Extracted data entries:
+ + + + +

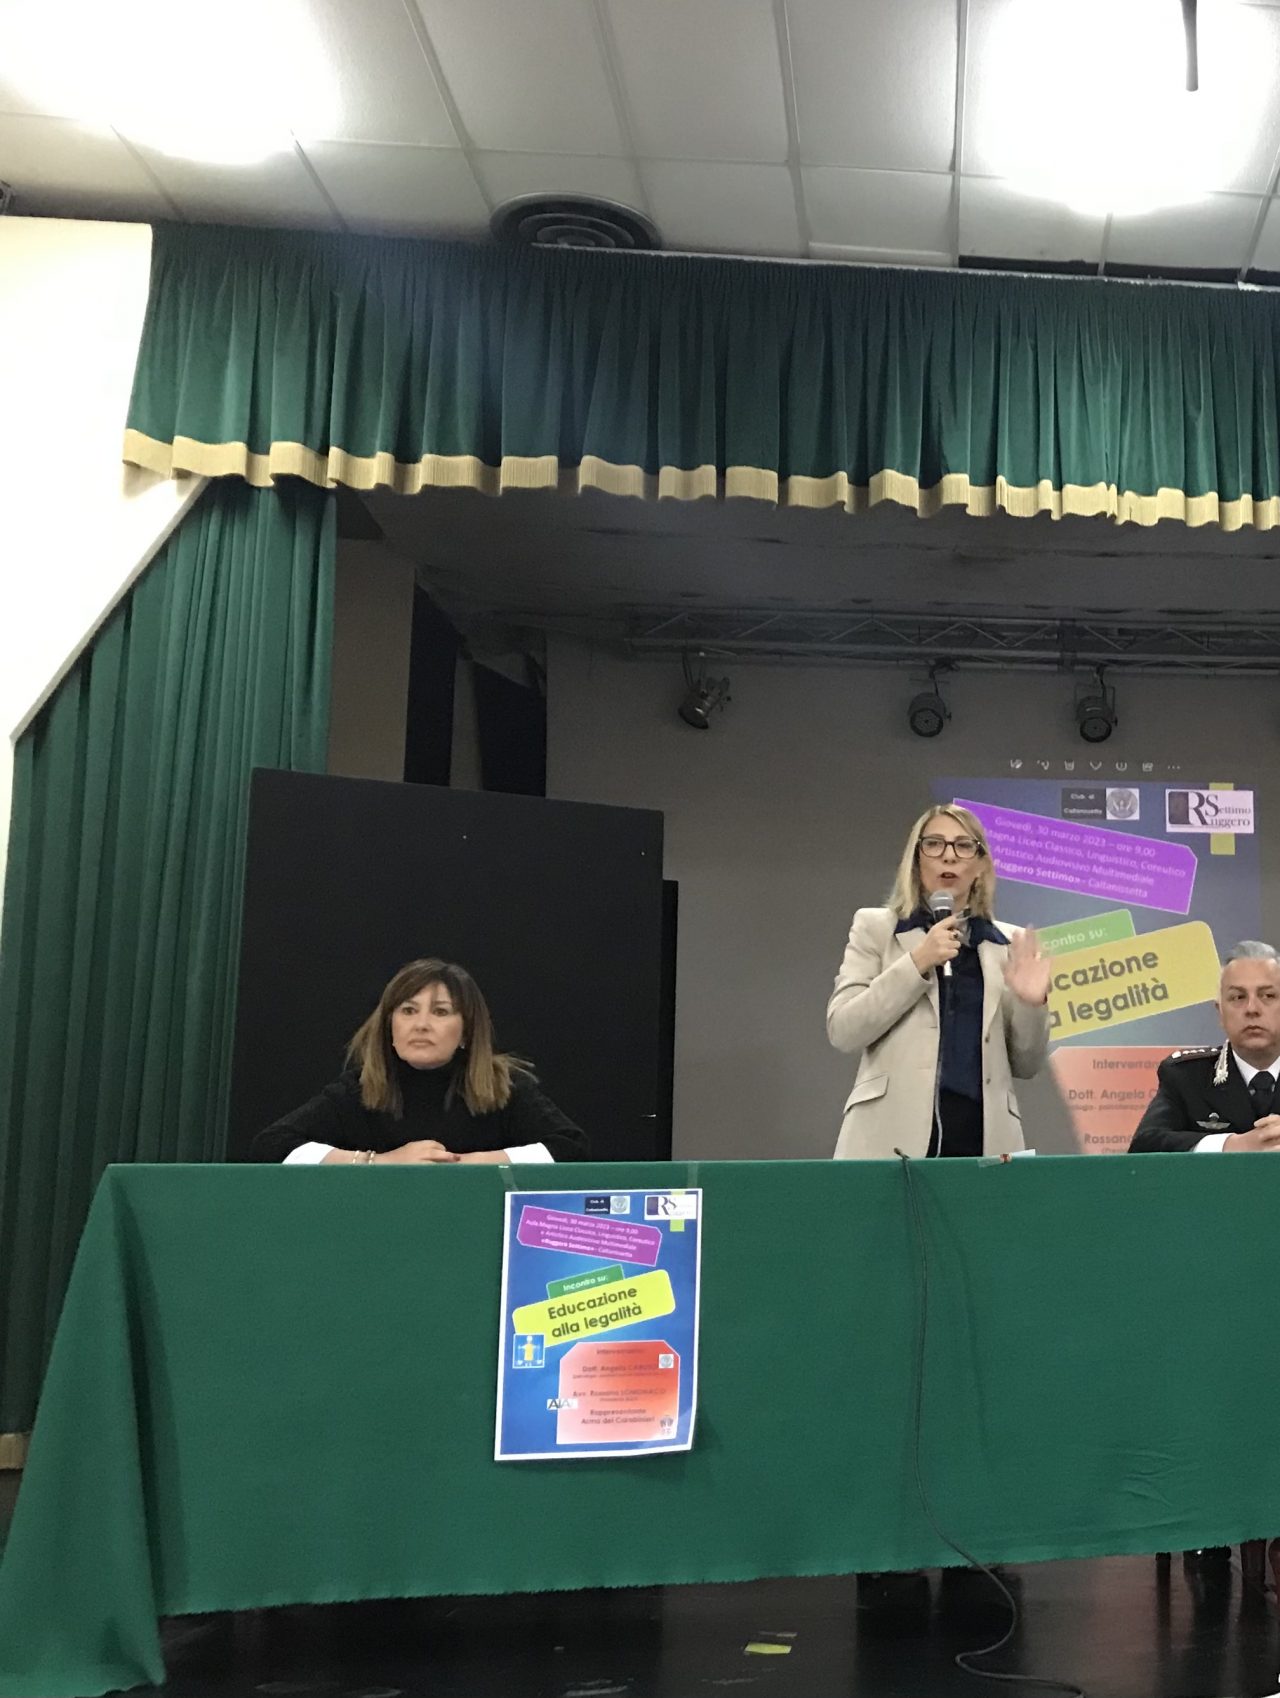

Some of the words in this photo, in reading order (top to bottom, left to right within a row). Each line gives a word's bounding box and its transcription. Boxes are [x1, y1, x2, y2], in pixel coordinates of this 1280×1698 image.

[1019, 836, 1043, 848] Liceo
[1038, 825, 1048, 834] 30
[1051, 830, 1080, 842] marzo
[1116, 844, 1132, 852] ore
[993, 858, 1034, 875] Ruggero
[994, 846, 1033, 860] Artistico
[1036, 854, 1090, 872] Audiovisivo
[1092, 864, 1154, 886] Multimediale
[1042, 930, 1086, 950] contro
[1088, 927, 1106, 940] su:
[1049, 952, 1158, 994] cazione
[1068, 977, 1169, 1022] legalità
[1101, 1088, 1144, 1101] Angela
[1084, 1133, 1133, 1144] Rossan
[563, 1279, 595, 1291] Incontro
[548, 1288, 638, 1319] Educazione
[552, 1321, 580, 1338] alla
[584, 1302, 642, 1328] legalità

+ + + + +

Retype the data word for word, please, and keep the images out.

## Task solution:
Some of the words in this photo, in reading order (top to bottom, left to right within a row). Each line gives a word's bounding box and its transcription. Boxes are [x1, y1, x2, y2], in pixel coordinates of this 1280×1698 image.

[1019, 836, 1043, 848] Liceo
[1038, 825, 1048, 834] 30
[1051, 830, 1080, 842] marzo
[1116, 844, 1132, 852] ore
[993, 858, 1034, 875] Ruggero
[994, 846, 1033, 860] Artistico
[1036, 854, 1090, 872] Audiovisivo
[1092, 864, 1154, 886] Multimediale
[1042, 930, 1086, 950] contro
[1088, 927, 1106, 940] su:
[1049, 952, 1158, 994] cazione
[1068, 977, 1169, 1022] legalità
[1101, 1088, 1144, 1101] Angela
[1084, 1133, 1133, 1144] Rossan
[563, 1279, 595, 1291] Incontro
[548, 1288, 638, 1319] Educazione
[552, 1321, 580, 1338] alla
[584, 1302, 642, 1328] legalità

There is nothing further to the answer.